October 27, 2012

James Mangold Says THE WOLVERINE Is A Japanese Noir Film


Director James Mangold has revealed a little more to Empire (via CBM) about the tone of The Wolverine. Not mention talking about it's themes which seem darker than previous X-Men films. James also gives a bit of knock to the Avengers giving the impression Wolverine won't be the fun romp that film was. Could this be the movie Wolverine fans have been asking for a decade? I guess we'll find out for sure this summer.

"It's rooted in drama. Effectively almost every superhero film, in a sense, revolves around some large group of humanity that's either killed or held hostage while superheroes battle it out with supervilains. The essential driving forces of this movie are interpersonal and dramatic, about love, bitterness, loss, vengeance, redemption, depression, suicide, conquering inner demons - it's going to make it a very different film than people have seen." 

"The cultural qualities that Japan and its people bring - honour, a sense of duty, of conflict - really fit beautifully around Logan. Our film find Logan at a point where he's very much a ronin - a samurai without a master. Anyone he ever had a connection to is either dead or gone." 
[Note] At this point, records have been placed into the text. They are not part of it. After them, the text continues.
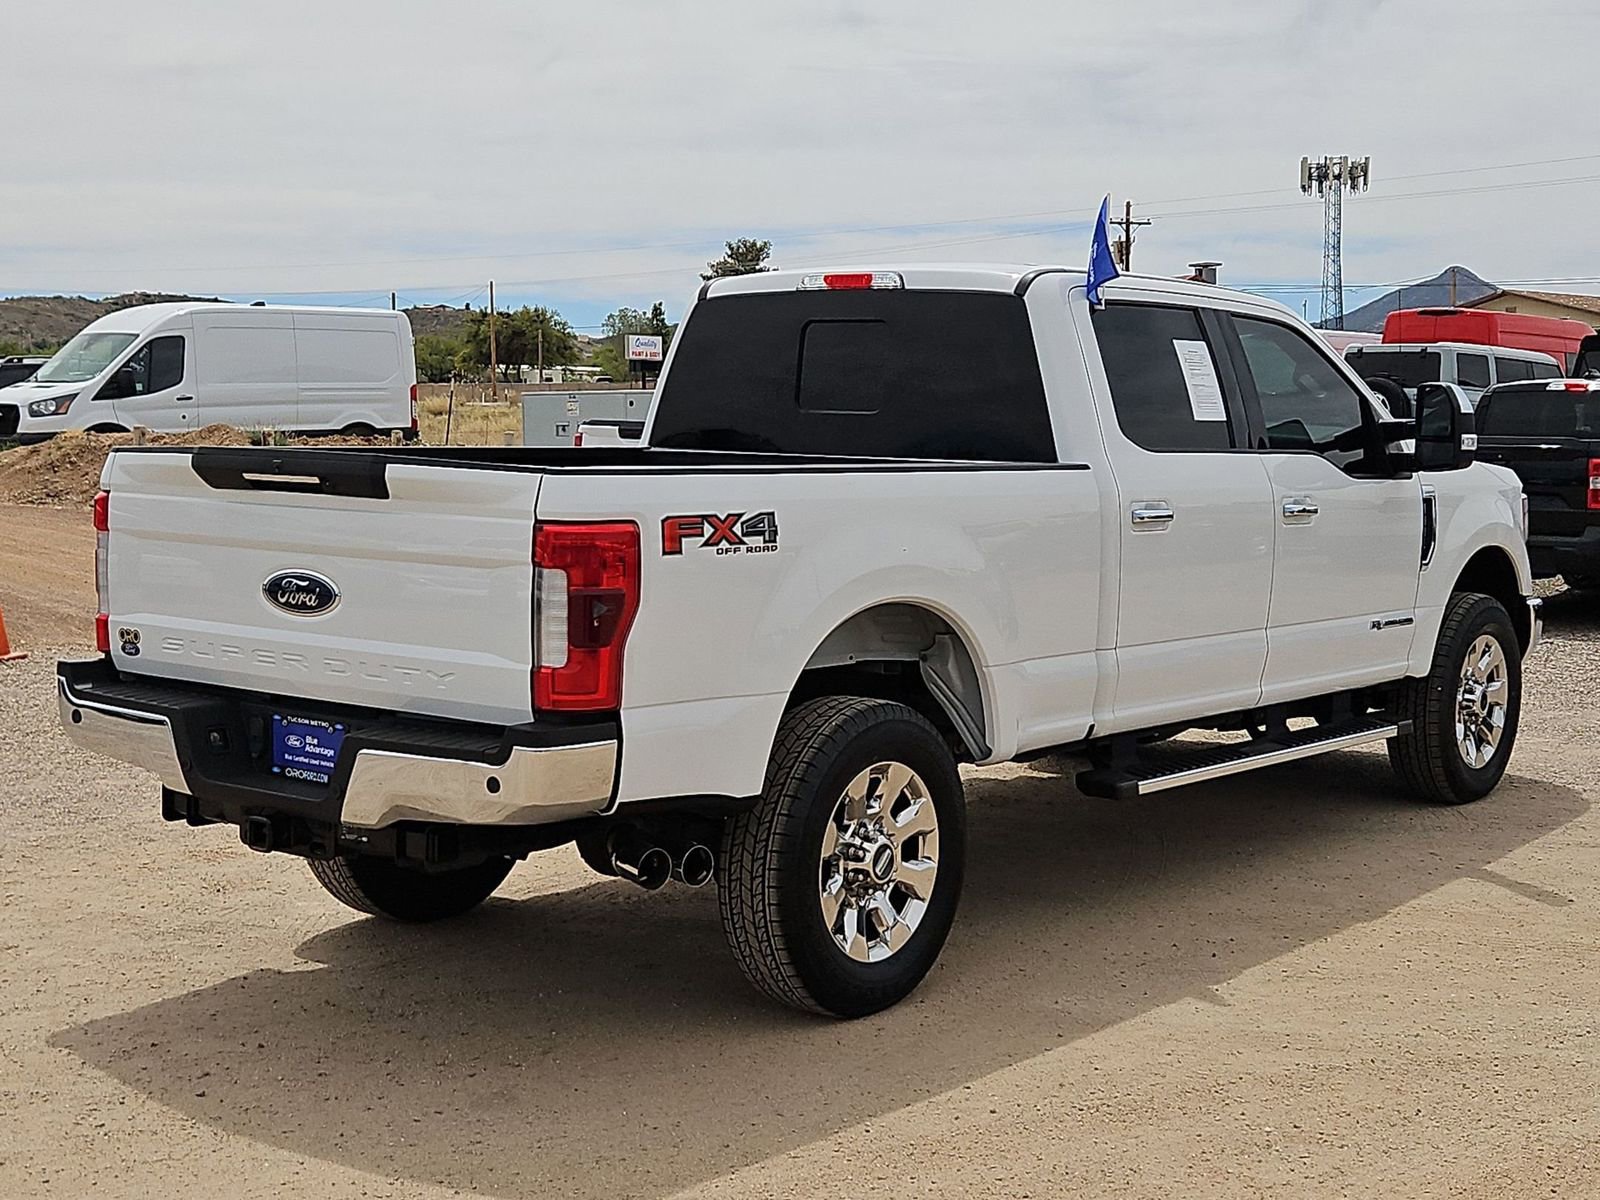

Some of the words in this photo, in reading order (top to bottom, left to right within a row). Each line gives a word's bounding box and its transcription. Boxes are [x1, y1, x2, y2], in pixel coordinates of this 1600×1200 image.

[661, 511, 778, 556] FX4
[716, 547, 741, 556] OFF
[746, 545, 778, 554] ROAD
[277, 578, 320, 607] Ford
[118, 628, 141, 644] ORO
[162, 637, 309, 672] SUPER
[323, 657, 456, 689] DUTY
[287, 716, 309, 725] TUCSON
[310, 719, 330, 728] METRO
[305, 735, 318, 745] Blue
[305, 744, 335, 757] Advantage
"When I say realistic, what I mean is that it's not built on 70-foot lizards from outer space. Our goal is to try to be a little less super-CG and wires, and a little more hardcore. I want the film to feel analogue. You always have large-scale action and adventure - it wouldn't be a movie about gods if you didn't have epic physicality. But we all feel we're making a Japanese noir picture with tentpole action in it."